#### MATERIAL SUPPLIED

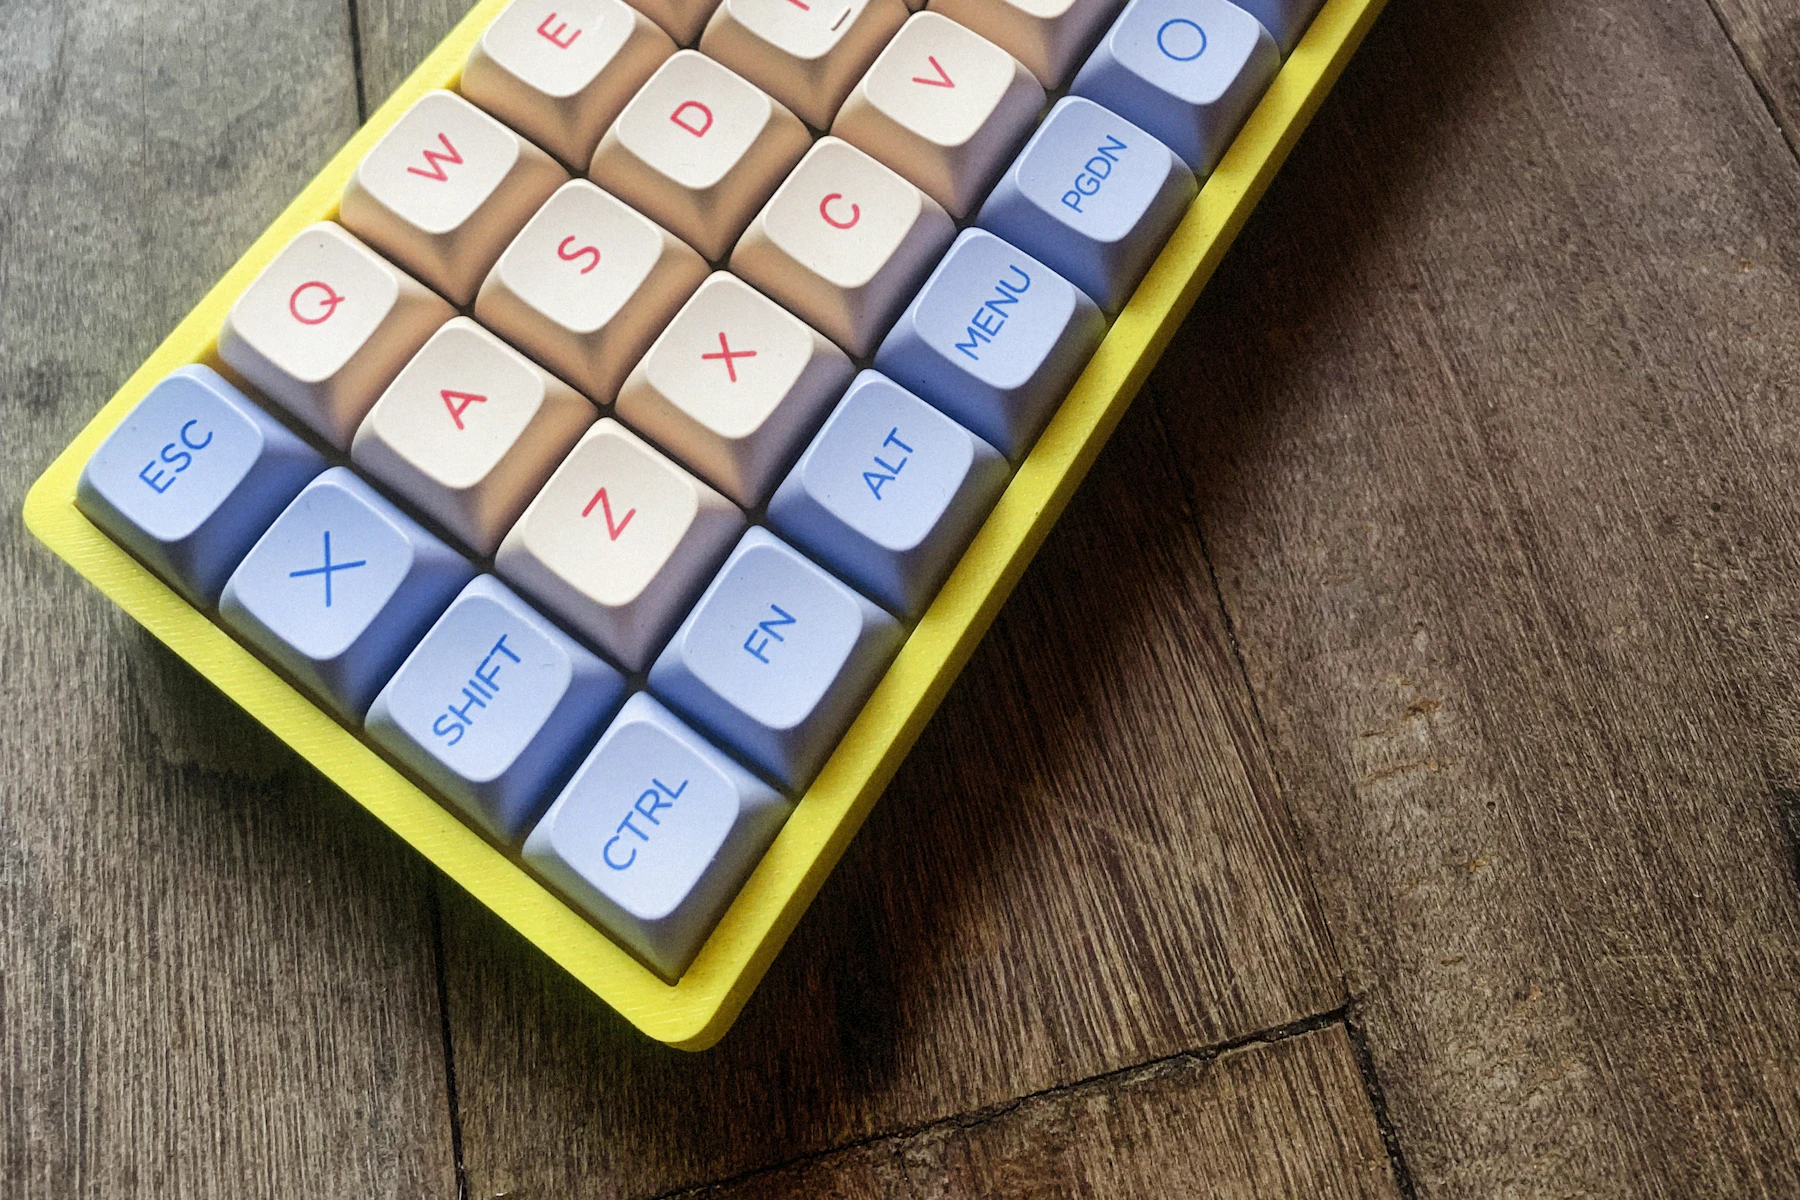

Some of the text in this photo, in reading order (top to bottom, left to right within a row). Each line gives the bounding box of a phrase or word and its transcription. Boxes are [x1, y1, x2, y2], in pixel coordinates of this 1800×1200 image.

[537, 13, 581, 49] E
[912, 56, 954, 88] V
[670, 101, 713, 137] D
[408, 133, 463, 181] W
[1061, 135, 1127, 212] PGDN
[820, 193, 860, 229] C
[557, 236, 600, 274] S
[289, 281, 344, 325] Q
[955, 265, 1030, 360] MENU
[702, 332, 756, 382] X
[441, 390, 487, 429] A
[139, 419, 213, 494] ESC
[863, 427, 913, 500] ALT
[582, 488, 635, 540] Z
[744, 604, 796, 664] FN
[432, 633, 520, 745] SHIFT
[603, 779, 688, 870] CTRL
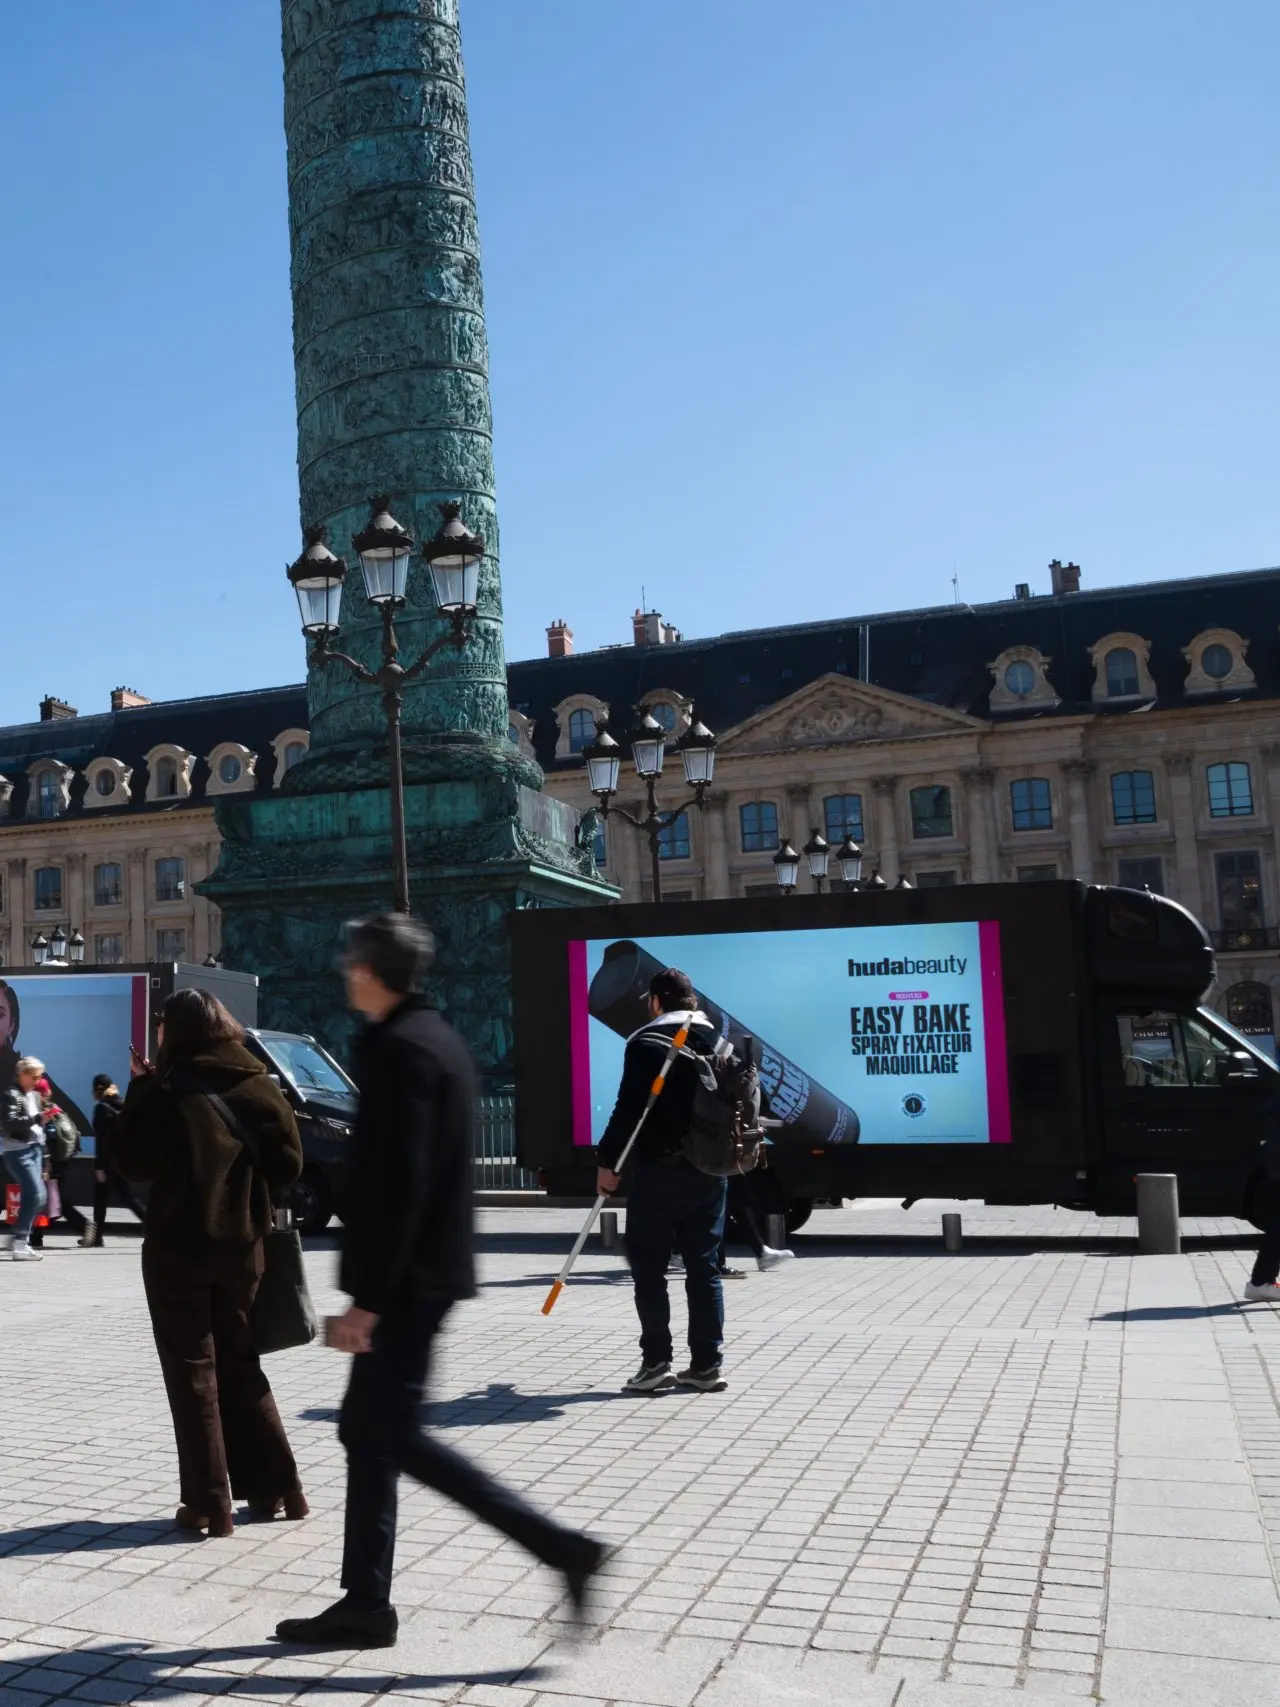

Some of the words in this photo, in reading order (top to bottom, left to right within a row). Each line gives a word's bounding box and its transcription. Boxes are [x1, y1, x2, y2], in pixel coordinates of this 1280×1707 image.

[848, 955, 967, 977] hudabeauty
[851, 1005, 904, 1035] EASY
[913, 1003, 971, 1032] BAKE
[851, 1036, 899, 1055] SPRAY
[902, 1033, 972, 1054] FIXATEUR
[760, 1044, 785, 1097] ASY
[866, 1055, 959, 1075] MAQUILLAGE
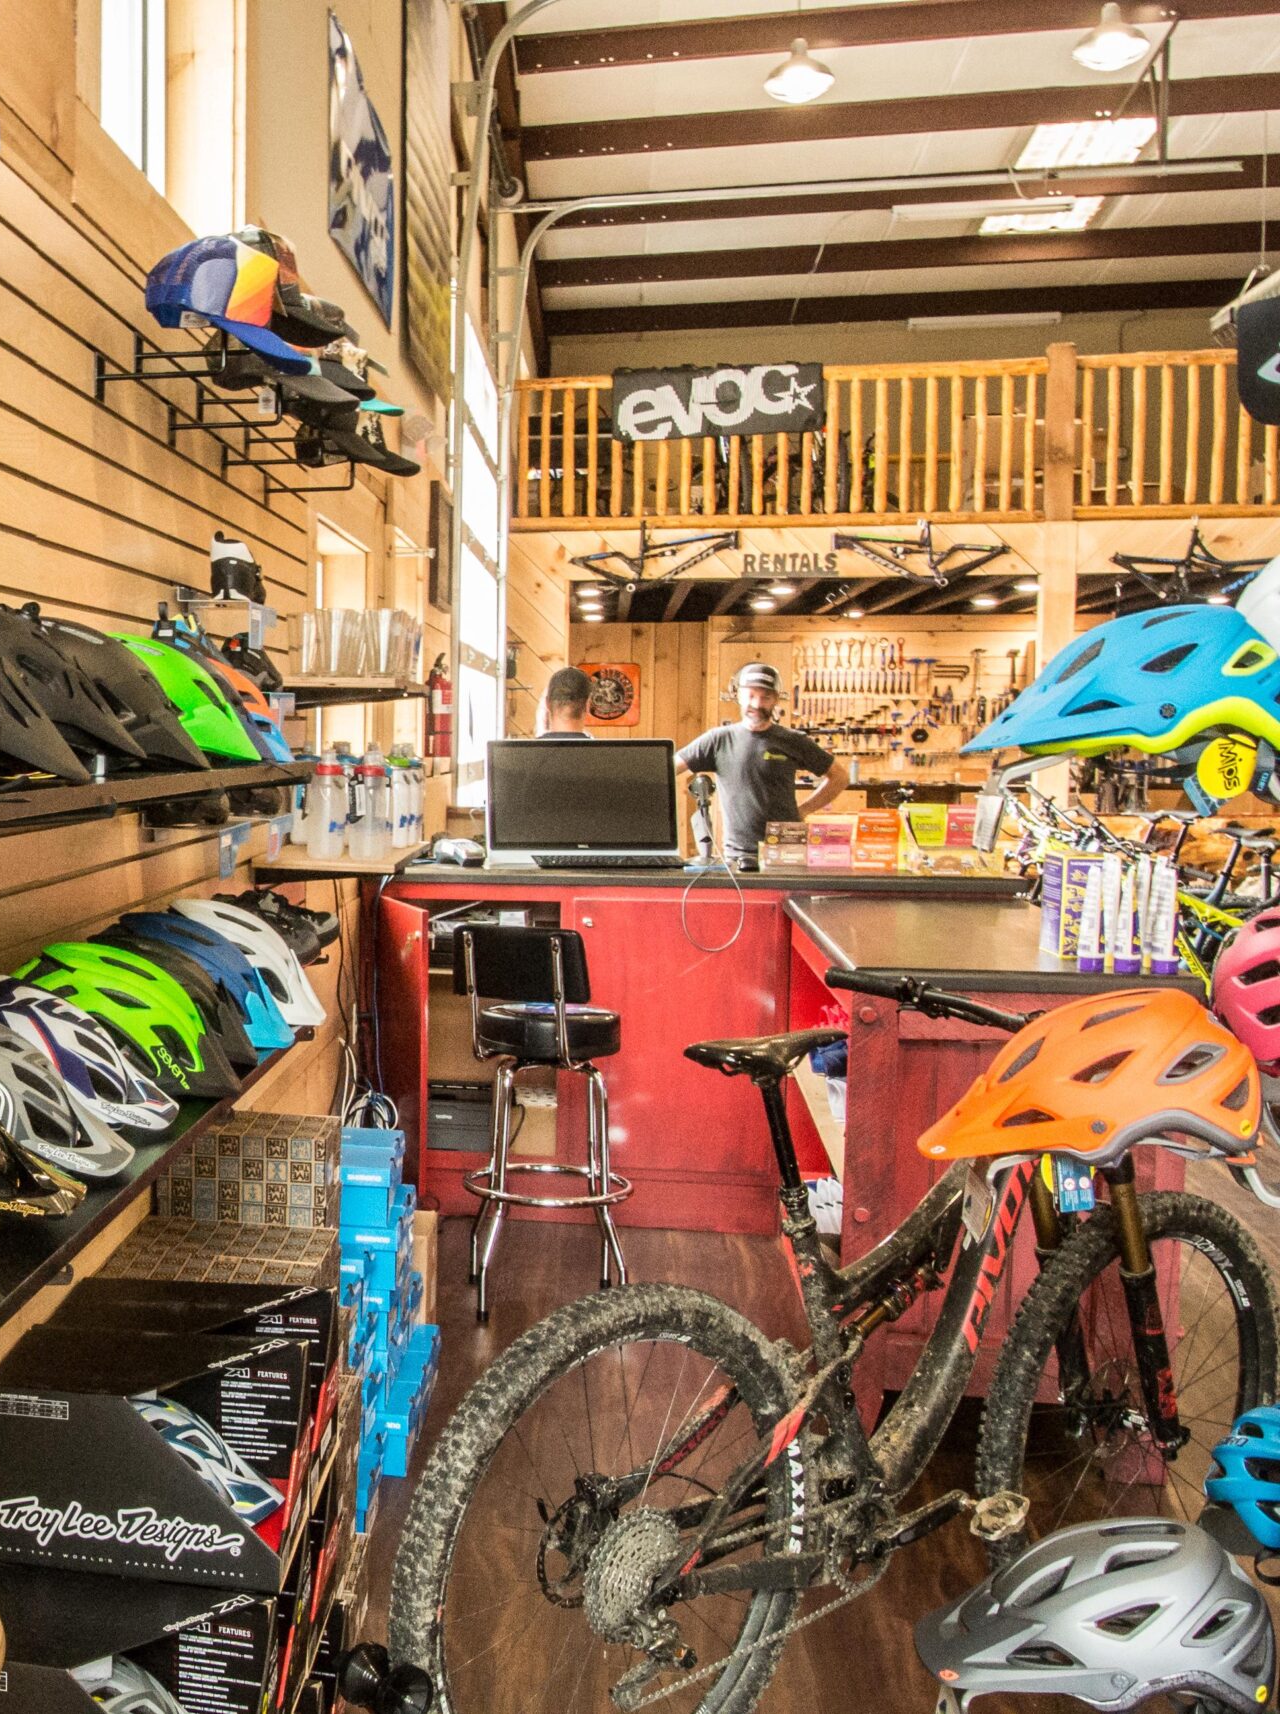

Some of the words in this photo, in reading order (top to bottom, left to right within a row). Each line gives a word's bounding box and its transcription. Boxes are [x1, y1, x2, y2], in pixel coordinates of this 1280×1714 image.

[743, 552, 838, 574] RENTALS
[288, 1316, 317, 1325] FEATURES
[257, 1370, 288, 1380] FEATURES
[787, 1438, 805, 1555] MAXXIS
[60, 1501, 115, 1540] Lee
[116, 1507, 245, 1561] Designs
[125, 1560, 183, 1570] FASTEST
[194, 1567, 244, 1578] RACERS
[218, 1626, 251, 1638] FEATURES
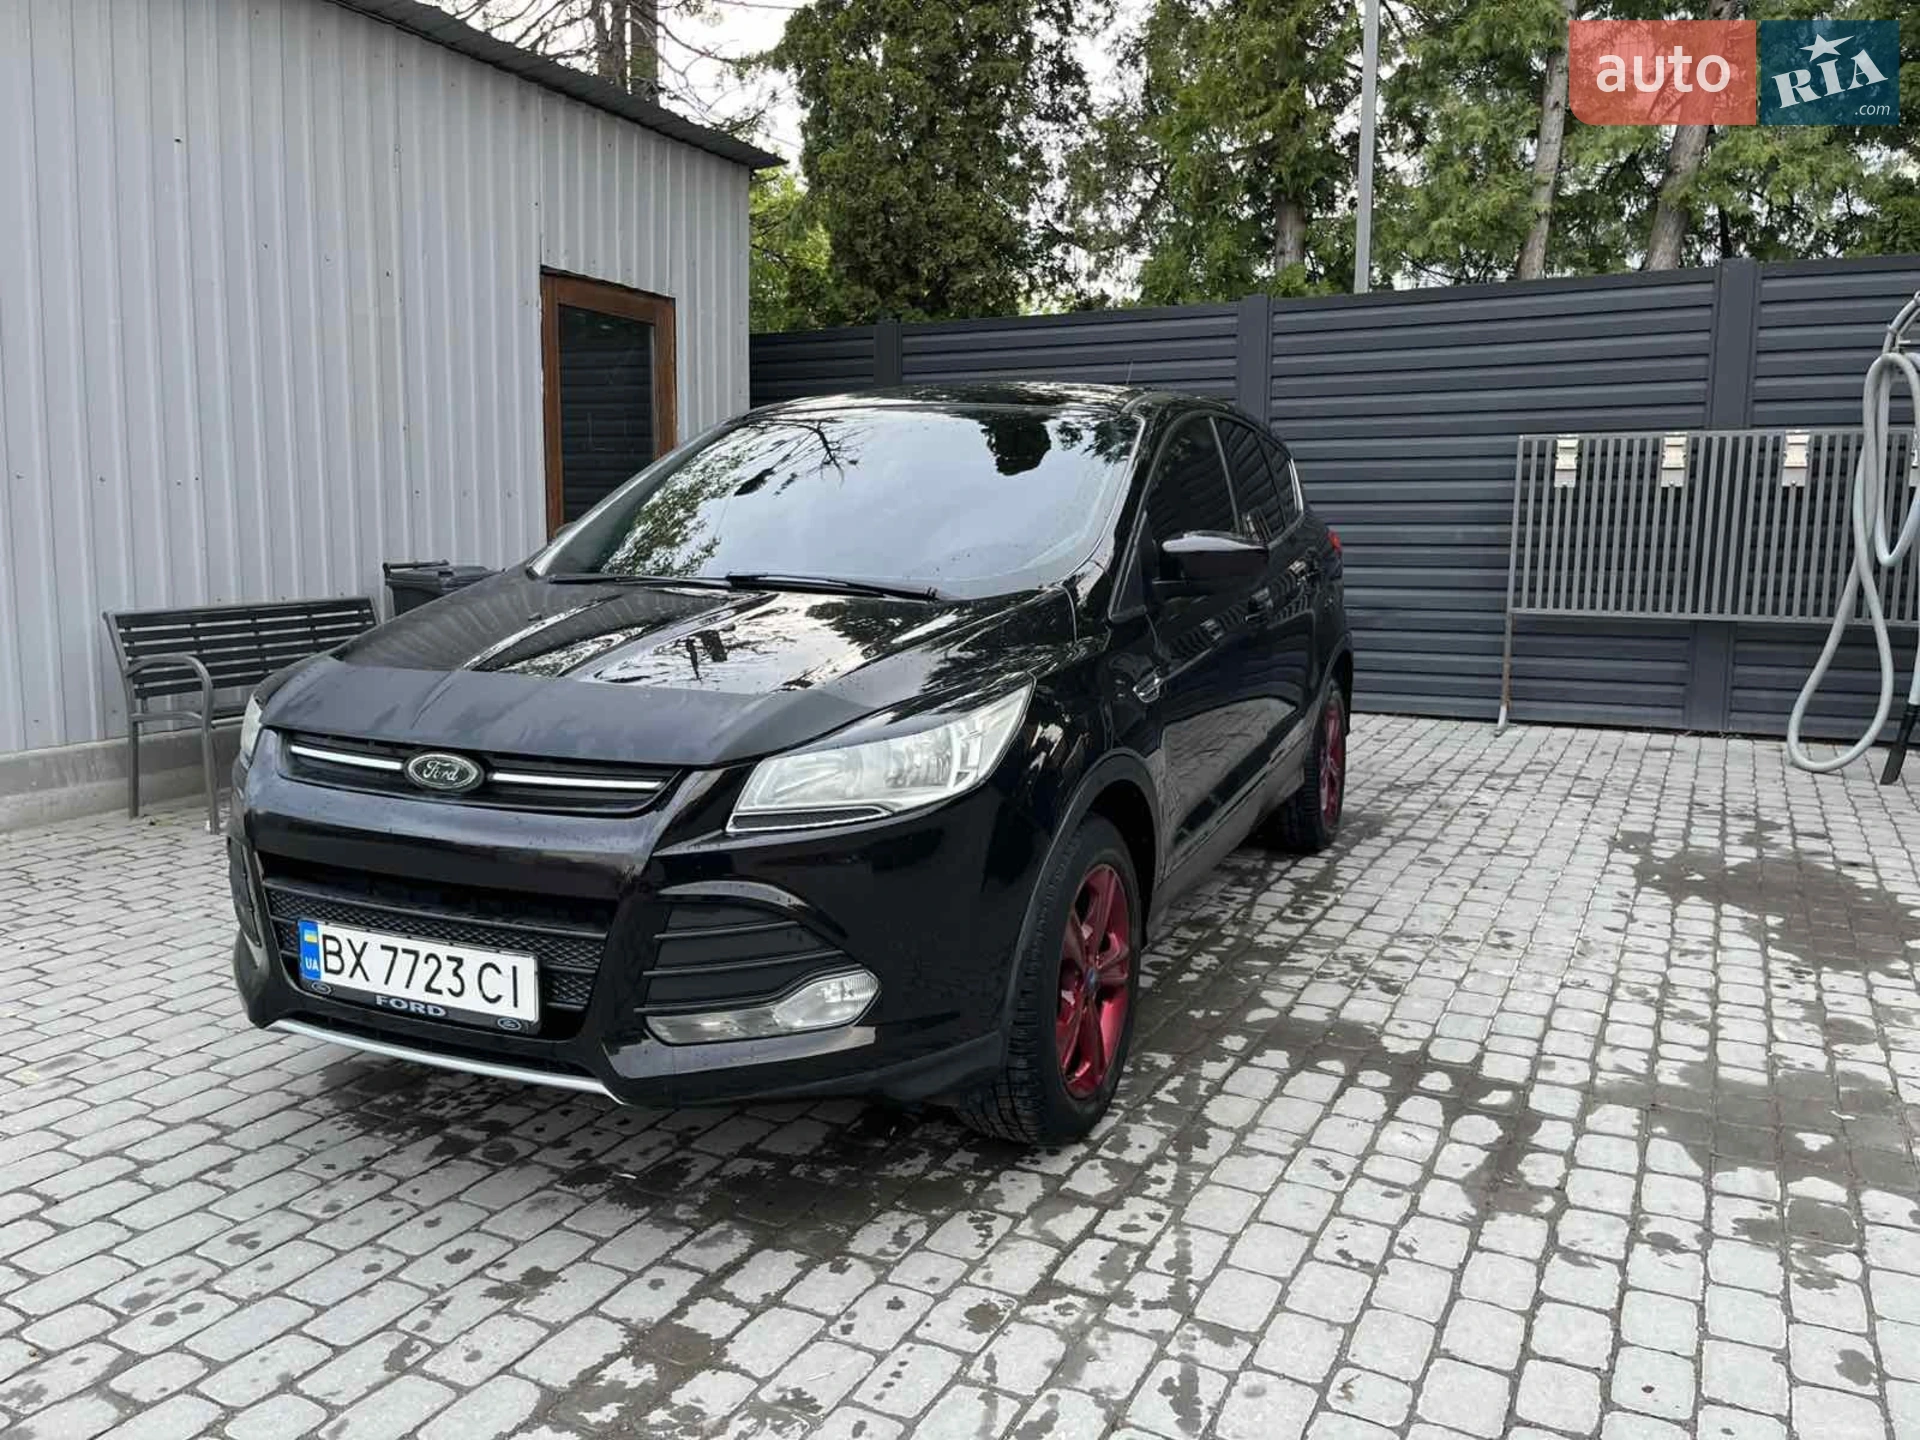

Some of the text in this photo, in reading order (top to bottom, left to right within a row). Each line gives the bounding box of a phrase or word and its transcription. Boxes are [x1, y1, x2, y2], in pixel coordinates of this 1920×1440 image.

########

▸ **WHAT IS REQUIRED**
The data should be printed again unchanged; leave its pictures out.

▸ **RESPONSE**
Some of the text in this photo, in reading order (top to bottom, left to right within a row). Each line gives the bounding box of a phrase or word and its transcription. Boxes are [x1, y1, x2, y2], in pixel coordinates of this 1800×1200 image.

[537, 13, 581, 49] E
[912, 56, 954, 88] V
[670, 101, 713, 137] D
[408, 133, 463, 181] W
[1061, 135, 1127, 212] PGDN
[820, 193, 860, 229] C
[557, 236, 600, 274] S
[289, 281, 344, 325] Q
[955, 265, 1030, 360] MENU
[702, 332, 756, 382] X
[441, 390, 487, 429] A
[139, 419, 213, 494] ESC
[863, 427, 913, 500] ALT
[582, 488, 635, 540] Z
[744, 604, 796, 664] FN
[432, 633, 520, 745] SHIFT
[603, 779, 688, 870] CTRL

Some of the words in this photo, in reading order (top to bottom, left to right within a row). Each line gives a word's bounding box and its transcription. Boxes are [x1, y1, x2, y2], in pixel coordinates of this 1280×1707 image.

[848, 955, 967, 977] hudabeauty
[851, 1005, 904, 1035] EASY
[913, 1003, 971, 1032] BAKE
[851, 1036, 899, 1055] SPRAY
[902, 1033, 972, 1054] FIXATEUR
[760, 1044, 785, 1097] ASY
[866, 1055, 959, 1075] MAQUILLAGE

Some of the words in this photo, in reading order (top to bottom, left to right within a row). Each line gives a word's bounding box and its transcription. Boxes are [x1, y1, x2, y2], in pixel coordinates of this 1280×1714 image.

[743, 552, 838, 574] RENTALS
[288, 1316, 317, 1325] FEATURES
[257, 1370, 288, 1380] FEATURES
[787, 1438, 805, 1555] MAXXIS
[60, 1501, 115, 1540] Lee
[116, 1507, 245, 1561] Designs
[125, 1560, 183, 1570] FASTEST
[194, 1567, 244, 1578] RACERS
[218, 1626, 251, 1638] FEATURES

Some of the text in this photo, in reading order (top to bottom, left to right within a row). Each line gives the bounding box of a phrase or word and its transcription. Boxes are [x1, y1, x2, y2], in pixel coordinates of this 1920×1440 image.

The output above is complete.